I was pushing a cart down the aisles at Kroger the other night, picking things up, reading the ingredients, and putting them back on the shelf. Everything seems to have either too many preservatives or too much sodium or too many calories or something that makes me feel like I'm poisoning myself or the environment. Because I scrutinize everything I put in the basket, shopping becomes stressful. A few weeks ago Kyle and I were standing in the refrigerated section, vacillating between a commercial chicken for $1.99/lb. or a free-range organic chicken for more than twice that. After a difficult debate between our conscience and our wallet, we put them both down and bought dried beans for the week's protein.
And take coffee creamer. I luuuuuuuv that stuff. But now when I see it in the refrigerated section of the grocery store, I think, "Oh God, those artificial flavors and colors are going to give me cancer and ruin my health for good." So I have to content myself with boring old milk.
The main culprit for this freak-out is the novel "Sweetness #9" by Stephan Eirik Clark, which I first heard about on NPR in August 2014 but didn't get from the library until October a year later.
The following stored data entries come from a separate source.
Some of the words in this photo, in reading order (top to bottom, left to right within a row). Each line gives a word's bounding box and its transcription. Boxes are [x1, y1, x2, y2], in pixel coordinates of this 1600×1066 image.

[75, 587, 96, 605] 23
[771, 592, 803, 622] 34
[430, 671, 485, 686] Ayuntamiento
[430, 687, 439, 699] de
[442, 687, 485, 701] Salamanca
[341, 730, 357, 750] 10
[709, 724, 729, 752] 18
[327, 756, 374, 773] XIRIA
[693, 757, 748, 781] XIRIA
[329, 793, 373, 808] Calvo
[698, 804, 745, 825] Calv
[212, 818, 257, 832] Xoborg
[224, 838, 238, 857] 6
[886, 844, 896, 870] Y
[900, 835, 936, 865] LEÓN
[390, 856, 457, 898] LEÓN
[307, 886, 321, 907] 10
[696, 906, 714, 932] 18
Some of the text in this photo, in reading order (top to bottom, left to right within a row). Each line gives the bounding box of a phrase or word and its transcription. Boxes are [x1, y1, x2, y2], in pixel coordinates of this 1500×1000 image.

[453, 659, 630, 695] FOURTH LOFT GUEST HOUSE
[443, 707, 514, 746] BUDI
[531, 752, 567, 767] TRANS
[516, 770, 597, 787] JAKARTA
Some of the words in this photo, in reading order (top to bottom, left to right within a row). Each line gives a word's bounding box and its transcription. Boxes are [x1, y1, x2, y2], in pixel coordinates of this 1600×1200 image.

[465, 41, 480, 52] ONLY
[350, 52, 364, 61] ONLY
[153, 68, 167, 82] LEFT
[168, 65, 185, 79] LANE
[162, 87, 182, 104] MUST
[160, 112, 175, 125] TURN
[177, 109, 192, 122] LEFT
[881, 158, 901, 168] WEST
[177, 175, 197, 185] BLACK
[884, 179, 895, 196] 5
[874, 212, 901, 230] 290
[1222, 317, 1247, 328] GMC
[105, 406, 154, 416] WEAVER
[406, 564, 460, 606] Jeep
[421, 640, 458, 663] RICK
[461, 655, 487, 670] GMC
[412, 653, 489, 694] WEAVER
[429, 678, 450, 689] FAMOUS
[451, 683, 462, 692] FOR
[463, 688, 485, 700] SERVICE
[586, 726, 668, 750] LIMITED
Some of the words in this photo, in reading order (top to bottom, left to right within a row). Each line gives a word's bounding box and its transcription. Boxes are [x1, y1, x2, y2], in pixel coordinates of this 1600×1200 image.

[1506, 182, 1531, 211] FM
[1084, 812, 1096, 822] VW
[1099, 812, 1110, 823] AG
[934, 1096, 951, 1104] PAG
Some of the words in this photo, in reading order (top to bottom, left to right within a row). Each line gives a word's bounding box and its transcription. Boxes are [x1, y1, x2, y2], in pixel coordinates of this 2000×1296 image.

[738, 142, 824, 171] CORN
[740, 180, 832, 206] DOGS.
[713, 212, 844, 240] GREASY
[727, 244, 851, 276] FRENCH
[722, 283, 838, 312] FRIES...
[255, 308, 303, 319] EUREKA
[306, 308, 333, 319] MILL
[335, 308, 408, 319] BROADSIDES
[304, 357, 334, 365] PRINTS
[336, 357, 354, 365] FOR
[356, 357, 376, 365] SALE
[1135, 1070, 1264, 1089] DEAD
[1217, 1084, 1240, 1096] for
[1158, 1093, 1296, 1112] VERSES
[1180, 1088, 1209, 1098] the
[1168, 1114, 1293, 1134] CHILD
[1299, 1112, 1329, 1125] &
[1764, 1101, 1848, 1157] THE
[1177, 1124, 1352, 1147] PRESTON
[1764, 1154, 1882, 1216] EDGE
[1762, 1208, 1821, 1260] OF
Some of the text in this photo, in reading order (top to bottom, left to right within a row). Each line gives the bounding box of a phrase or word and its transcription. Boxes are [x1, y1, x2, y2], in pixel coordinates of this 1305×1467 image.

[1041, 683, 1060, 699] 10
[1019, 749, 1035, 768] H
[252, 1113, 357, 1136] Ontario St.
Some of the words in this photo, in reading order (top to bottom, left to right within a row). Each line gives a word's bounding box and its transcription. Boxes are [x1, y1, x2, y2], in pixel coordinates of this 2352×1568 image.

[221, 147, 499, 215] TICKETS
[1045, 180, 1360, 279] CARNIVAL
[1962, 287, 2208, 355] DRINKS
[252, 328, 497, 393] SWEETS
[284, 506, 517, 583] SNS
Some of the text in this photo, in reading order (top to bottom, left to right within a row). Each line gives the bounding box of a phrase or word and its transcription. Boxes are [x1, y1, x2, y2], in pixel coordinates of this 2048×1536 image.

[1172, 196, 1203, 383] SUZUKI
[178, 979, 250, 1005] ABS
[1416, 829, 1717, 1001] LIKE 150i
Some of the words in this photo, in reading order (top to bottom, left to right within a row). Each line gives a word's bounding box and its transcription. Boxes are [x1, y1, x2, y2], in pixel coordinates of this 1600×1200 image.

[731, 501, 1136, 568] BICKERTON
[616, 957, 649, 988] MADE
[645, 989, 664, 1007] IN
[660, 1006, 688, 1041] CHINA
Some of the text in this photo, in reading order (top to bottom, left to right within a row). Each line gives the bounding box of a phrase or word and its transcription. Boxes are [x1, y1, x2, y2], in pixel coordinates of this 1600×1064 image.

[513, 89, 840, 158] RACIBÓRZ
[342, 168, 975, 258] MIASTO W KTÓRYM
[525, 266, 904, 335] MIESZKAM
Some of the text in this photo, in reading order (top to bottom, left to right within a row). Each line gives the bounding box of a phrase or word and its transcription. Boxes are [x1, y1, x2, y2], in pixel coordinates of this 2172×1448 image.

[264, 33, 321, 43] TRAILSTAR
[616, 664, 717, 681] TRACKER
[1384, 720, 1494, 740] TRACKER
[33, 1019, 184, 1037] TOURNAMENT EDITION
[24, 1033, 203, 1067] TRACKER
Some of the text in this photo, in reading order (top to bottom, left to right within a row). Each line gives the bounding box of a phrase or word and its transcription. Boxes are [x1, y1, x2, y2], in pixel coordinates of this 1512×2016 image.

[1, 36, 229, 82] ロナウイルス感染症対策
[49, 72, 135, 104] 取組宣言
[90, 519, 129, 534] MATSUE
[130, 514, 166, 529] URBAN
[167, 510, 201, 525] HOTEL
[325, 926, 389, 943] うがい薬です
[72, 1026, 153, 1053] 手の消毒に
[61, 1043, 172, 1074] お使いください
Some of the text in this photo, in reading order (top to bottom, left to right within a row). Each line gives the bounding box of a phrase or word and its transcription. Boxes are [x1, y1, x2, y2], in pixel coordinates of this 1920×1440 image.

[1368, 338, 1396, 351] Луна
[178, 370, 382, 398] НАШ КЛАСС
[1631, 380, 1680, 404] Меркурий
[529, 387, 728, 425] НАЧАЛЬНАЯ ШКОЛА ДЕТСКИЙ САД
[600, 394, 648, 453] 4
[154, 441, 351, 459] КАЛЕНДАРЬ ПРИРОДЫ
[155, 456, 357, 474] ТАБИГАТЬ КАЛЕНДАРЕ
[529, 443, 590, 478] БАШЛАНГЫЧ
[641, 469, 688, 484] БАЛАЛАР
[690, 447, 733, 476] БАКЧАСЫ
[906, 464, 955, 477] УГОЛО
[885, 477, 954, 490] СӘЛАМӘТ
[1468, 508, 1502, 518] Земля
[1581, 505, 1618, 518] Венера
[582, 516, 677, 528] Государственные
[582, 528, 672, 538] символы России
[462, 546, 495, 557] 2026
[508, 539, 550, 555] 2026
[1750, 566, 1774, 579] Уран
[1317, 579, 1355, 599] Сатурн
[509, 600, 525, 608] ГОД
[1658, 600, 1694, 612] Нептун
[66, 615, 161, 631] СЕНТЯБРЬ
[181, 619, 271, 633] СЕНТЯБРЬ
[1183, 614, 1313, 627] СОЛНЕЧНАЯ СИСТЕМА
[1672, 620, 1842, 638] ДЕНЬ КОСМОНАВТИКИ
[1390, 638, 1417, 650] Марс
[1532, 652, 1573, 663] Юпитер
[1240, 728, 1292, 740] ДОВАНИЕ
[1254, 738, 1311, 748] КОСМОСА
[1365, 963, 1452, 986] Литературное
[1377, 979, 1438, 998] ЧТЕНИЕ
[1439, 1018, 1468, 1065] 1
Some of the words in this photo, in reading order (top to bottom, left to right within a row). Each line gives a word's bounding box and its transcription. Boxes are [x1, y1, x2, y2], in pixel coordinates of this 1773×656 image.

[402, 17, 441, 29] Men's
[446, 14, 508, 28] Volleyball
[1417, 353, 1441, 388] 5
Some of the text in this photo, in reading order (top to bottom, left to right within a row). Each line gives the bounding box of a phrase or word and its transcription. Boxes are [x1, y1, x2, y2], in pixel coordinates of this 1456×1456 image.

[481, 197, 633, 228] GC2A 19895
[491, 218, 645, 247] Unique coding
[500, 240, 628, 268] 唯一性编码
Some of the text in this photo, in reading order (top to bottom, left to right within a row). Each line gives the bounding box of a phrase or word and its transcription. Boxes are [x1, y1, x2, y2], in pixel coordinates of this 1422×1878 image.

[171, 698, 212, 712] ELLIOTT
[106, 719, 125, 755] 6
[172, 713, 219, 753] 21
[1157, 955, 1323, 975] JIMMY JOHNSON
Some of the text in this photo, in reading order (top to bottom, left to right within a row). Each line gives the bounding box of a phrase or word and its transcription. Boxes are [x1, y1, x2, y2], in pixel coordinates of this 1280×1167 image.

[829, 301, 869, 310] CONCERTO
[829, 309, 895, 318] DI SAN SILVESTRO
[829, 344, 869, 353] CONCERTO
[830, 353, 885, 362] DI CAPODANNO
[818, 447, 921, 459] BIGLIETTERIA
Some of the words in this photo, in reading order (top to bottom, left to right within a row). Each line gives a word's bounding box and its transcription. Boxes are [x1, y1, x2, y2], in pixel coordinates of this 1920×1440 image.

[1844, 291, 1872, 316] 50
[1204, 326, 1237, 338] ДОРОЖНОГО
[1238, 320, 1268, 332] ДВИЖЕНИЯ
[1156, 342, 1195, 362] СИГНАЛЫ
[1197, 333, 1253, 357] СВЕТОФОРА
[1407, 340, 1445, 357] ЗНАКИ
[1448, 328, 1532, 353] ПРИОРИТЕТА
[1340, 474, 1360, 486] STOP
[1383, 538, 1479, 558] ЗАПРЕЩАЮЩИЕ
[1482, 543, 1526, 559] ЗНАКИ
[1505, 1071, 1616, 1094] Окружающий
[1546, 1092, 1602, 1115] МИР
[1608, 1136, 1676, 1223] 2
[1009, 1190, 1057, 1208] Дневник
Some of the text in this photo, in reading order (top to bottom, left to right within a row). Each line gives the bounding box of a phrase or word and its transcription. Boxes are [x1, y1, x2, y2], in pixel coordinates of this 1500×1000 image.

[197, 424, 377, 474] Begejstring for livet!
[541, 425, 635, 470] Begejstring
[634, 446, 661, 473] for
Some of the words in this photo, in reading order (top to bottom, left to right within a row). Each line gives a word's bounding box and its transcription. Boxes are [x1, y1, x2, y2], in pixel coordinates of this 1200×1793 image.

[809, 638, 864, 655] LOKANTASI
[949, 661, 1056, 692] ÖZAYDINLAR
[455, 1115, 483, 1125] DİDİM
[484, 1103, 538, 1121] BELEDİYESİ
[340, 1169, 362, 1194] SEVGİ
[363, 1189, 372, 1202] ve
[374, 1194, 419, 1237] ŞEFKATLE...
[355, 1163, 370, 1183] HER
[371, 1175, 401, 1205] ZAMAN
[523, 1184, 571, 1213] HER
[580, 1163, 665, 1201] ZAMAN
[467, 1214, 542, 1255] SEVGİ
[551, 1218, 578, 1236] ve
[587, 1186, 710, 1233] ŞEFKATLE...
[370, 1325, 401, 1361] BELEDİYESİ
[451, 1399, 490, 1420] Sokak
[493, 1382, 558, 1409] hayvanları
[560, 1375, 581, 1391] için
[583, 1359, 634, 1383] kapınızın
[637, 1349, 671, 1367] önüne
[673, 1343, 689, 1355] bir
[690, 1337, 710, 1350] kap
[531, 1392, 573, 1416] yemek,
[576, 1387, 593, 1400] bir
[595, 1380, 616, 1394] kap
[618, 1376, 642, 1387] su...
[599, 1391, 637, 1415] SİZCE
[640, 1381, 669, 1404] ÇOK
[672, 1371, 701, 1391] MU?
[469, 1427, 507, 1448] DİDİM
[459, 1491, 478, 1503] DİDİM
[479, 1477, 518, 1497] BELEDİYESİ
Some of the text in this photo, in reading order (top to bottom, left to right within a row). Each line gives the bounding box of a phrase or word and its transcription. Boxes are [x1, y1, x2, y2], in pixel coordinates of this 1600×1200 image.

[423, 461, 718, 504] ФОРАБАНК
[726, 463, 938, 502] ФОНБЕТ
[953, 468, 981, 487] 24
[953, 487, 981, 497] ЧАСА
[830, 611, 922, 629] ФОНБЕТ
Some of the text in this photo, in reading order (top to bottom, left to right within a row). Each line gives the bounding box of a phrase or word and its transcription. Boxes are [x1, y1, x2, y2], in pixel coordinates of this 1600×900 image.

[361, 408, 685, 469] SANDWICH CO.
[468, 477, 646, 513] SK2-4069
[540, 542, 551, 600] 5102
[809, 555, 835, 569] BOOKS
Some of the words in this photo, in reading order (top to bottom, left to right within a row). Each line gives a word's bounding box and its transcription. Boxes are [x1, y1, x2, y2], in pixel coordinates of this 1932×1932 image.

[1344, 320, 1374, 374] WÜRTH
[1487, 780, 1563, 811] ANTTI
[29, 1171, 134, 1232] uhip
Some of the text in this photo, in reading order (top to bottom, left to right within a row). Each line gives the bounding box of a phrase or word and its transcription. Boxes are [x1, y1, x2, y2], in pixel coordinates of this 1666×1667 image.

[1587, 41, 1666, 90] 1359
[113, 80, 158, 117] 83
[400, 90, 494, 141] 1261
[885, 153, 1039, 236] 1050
That book traces the rise of artificial flavors in U.S. food products from the '70s to the present -- and it's depressing, even if it is fiction.
I guess I could shop at Whole Foods or Fresh Market, but it's so expensive.
In my head, I have long debates between the virtues of there being a million choices of things to eat, and the virtues of only having healthy choices. They've both got their pros and cons.
But dang it, it's about to be Thanksgiving! It's the time of the year to eat marshmallows on a sweet potato casserole, and gravy on everything. So I'm going to throw all of my sensibilities to the wind and enjoy my stepdad's famous mac and cheese, fried turkey, and pecan pie and all the other goodies of the season.
I can worry about the negative aspects of mass-produced food later on.